If that is correct, then...
$u_{tt} = (u_{xx}\frac{a}{b})\frac{a}{b} + u_{yy}$
or $u_{tt} = (u_{xx}\frac{a^2}{b^2}) + u_{yy}$
am I close enough here? I don't see any algebraic manipulation I could do with the condition and PDE to derive the result...

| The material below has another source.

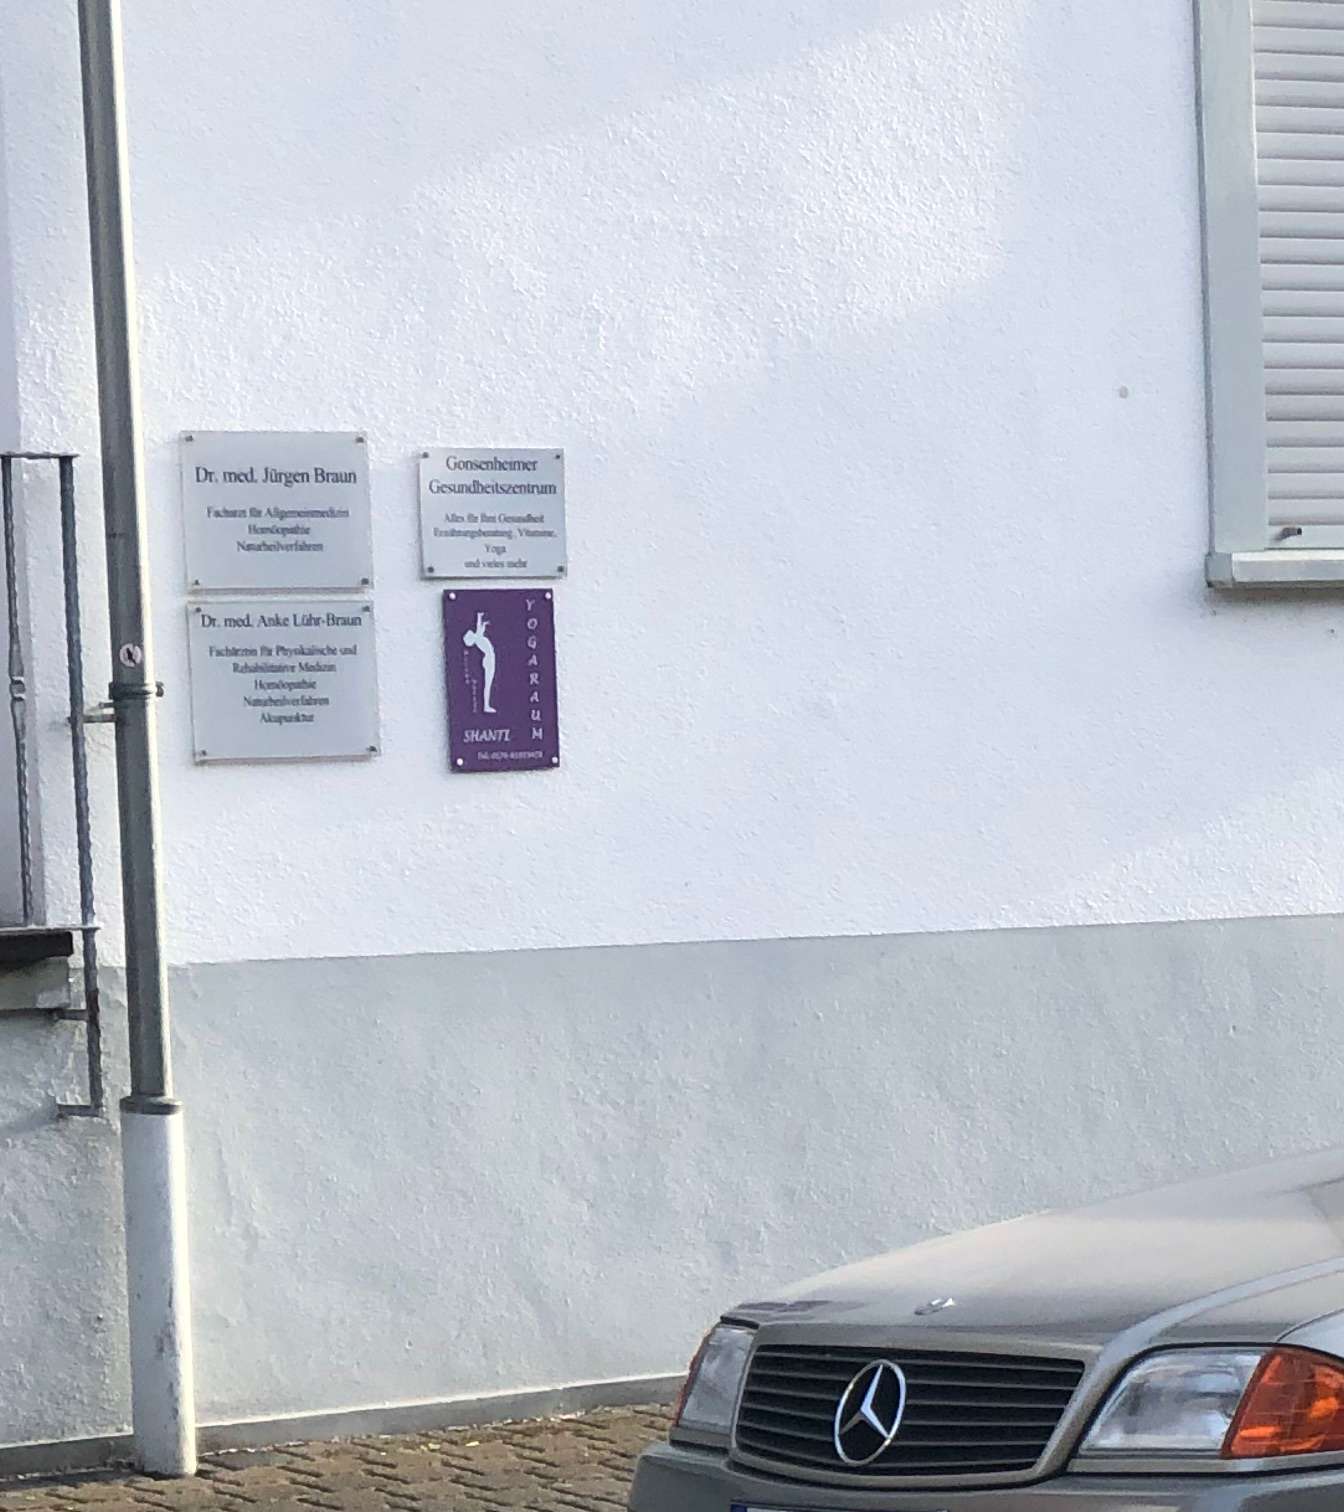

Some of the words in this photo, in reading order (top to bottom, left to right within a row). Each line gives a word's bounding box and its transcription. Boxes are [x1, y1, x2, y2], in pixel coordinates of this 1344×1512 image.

I appreciate your post, thank you!
• Mar 14th 2011, 02:47 PM
Ackbeet
When you compute your second derivative, you need to do this:

$u_{tt}=\dfrac{\partial}{\partial x}\left(u_{t}\right)\,\dfrac{\partial x}{\partial t}+\dfrac{\partial}{\partial y}\left(u_{t}\right)\,\dfrac{\partial y}{\partial t}=\dfrac{\partial}{\partial x}\left(\dfrac{a}{b}\,u_{x}+u_{y}\right)\,\dfrac{\ partial x}{\partial t}+\dfrac{\partial}{\partial y}\left(\dfrac{a}{b}\,u_{x}+u_{y}\right)\,\dfrac{\ partial y}{\partial t}\dots$

Once you've brought that correction through, why not solve the pde for $a u_{xx}$ and plug into your expression for $u_{tt}?$ Also, don't forget to use your $b^{2}=ac$ relation.
• Mar 14th 2011, 03:11 PM
matt.qmar
OK! Two chain rules "compounds" those partials.... so
$u_{tt} = (\frac{a}{b}u_{xx} + u_{yx})(\frac{a}{b}) + (\frac{a}{b}u_{xy} + u_{yy})$

Then,
$u_{tt} = \frac{a^2}{b^2}u_{xx} + 2\frac{a}{b}u_{xy} + u_{yy}$

But $b^2 = ac$

$u_{tt} = \frac{a}{c}u_{xx} + 2\frac{a}{b}u_{xy} + u_{yy}$

Also, $a = \frac{b^2}{c}$

$u_{tt} = \frac{a}{c}u_{xx} + 2\frac{b}{c}u_{xy} + u_{yy}$

Multiply through by c?

$cu_{tt} = au_{xx} + 2bu_{xy} + cu_{yy}$

RHS = 0 from assumption

$cu_{tt} = 0$

$c \neq 0$ so

$u_{tt} = 0$

Woo-hoo! Thank you so much!!! I was really fudging the chain rule. I think everything I have done here is OK?
• Mar 14th 2011, 03:33 PM
Ackbeet
Yep, that looks fine. My route to the end was a bit different, but definitely mathematically equivalent. Good job.